By Paul D. Loftus
Leading organizations on the path to high performance are accelerating their global sourcing strategies, driving more aggressive cost reductions and looking to contract manufacturing to leverage and expand the value of their brand. Most significantly, these organizations plan to double spend on low-cost country sourcing in the next three years. (See Figure 1.)
Accenture research also reveals that high-performance businesses in your industry are masters of five procurement-related capabilities. They:
- Source more direct materials globally and in low-cost countries to improve gross margins
- Combine low-cost contract manufacturing and "buy-brand-sell" strategies to cut costs on low-margin products and fuel new growth by extending into complementary product lines
- Elevate procurement to a strategic function to increase overall supply chain reliability and minimize total landed costs
- Integrate purchasing earlier in the product development process to take maximum cost out of product design
- Deploy consistent processes and tools across business units and operating companies to aggregate and standardize spend data and improve compliance
Many companies do not yet view procurement as a strategic function and source of value. The typical smaller- and medium-sized company lags far behind the largest industrial products and automotive companies in its use of global and low-cost country sourcing. Most take a fragmented approach to procurement, which leaves individual operating companies to pursue autonomous procurement policies and procedures with largely domestic suppliers.
Yet, experience shows that you do not have to be huge to have a successful global sourcing program and improve business performance as a result. For a typical industrial products company, the impact of global sourcing on profitability can be substantial: $100-$200 million in annual savings (for a $5 billion company spending $.50 cents out of every sales dollar on direct materials). (See Chart 1.)
For a typical $5 billion industrial products company operating at a 10 percent EBIT margin, sourcing 40 percent of direct material spend globally at 15 percent savings will drive an additional $150 million annually to the bottom line (EBIT increase of 30 percent).
The time is right for companies to take a closer look at expanding their global sourcing efforts. Here's why.
Re-evaluating Global Sourcing
Global sourcing of direct materials is no longer an option. It's a competitive necessity, thanks to the rapid rise of low-cost emerging nations as both sources and consumers of direct materials.
Newly industrializing countries are now the world's biggest manufacturers and consumers of steel. And China is an infrastructure giant in terms of both supply and demand. China's current Five-Year Plan calls for the construction of an additional 6,000 km of rail track, 200,000 km of road, 141 deepwater ports and 57 airports.
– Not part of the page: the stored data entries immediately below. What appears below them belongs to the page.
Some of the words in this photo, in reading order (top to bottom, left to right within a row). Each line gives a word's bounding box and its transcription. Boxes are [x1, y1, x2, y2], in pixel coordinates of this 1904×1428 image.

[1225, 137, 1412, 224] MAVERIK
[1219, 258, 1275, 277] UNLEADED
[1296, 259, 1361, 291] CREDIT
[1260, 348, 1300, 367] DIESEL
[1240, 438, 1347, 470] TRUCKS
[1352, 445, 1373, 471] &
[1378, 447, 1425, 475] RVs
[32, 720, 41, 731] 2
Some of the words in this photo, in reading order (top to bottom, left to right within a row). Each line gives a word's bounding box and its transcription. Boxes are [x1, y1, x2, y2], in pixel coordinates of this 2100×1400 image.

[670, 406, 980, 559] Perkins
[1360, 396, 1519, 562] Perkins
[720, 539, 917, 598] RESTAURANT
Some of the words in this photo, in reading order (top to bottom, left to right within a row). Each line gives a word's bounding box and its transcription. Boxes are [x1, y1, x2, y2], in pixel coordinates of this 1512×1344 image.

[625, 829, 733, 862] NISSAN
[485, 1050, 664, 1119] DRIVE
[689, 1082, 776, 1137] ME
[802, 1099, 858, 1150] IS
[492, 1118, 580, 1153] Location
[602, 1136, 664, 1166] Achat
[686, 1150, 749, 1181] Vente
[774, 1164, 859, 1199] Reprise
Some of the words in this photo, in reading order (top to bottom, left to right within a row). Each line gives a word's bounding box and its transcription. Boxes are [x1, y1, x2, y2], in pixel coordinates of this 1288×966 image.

Its projected energy requirements will necessitate an additional 500 gigawatts of capacity — 80 percent of Great Britain's total capacity — every year for the next 10 to 15 years.
Growth at this speed and on this scale spells enormous opportunities for global industrial products manufacturers, as well as for potential domestic suppliers and competitors.
Leading industrial products companies of all shapes and sizes are beginning to source more and more direct materials, including critical components, from low-cost regions. Witness Cooper Industries', the $5 billion manufacturer of electrical products, tools and hardware for industrial applications, recent decision to source some 35 percent of direct material spend with low-cost countries in 2004 — more than $350 million in China alone.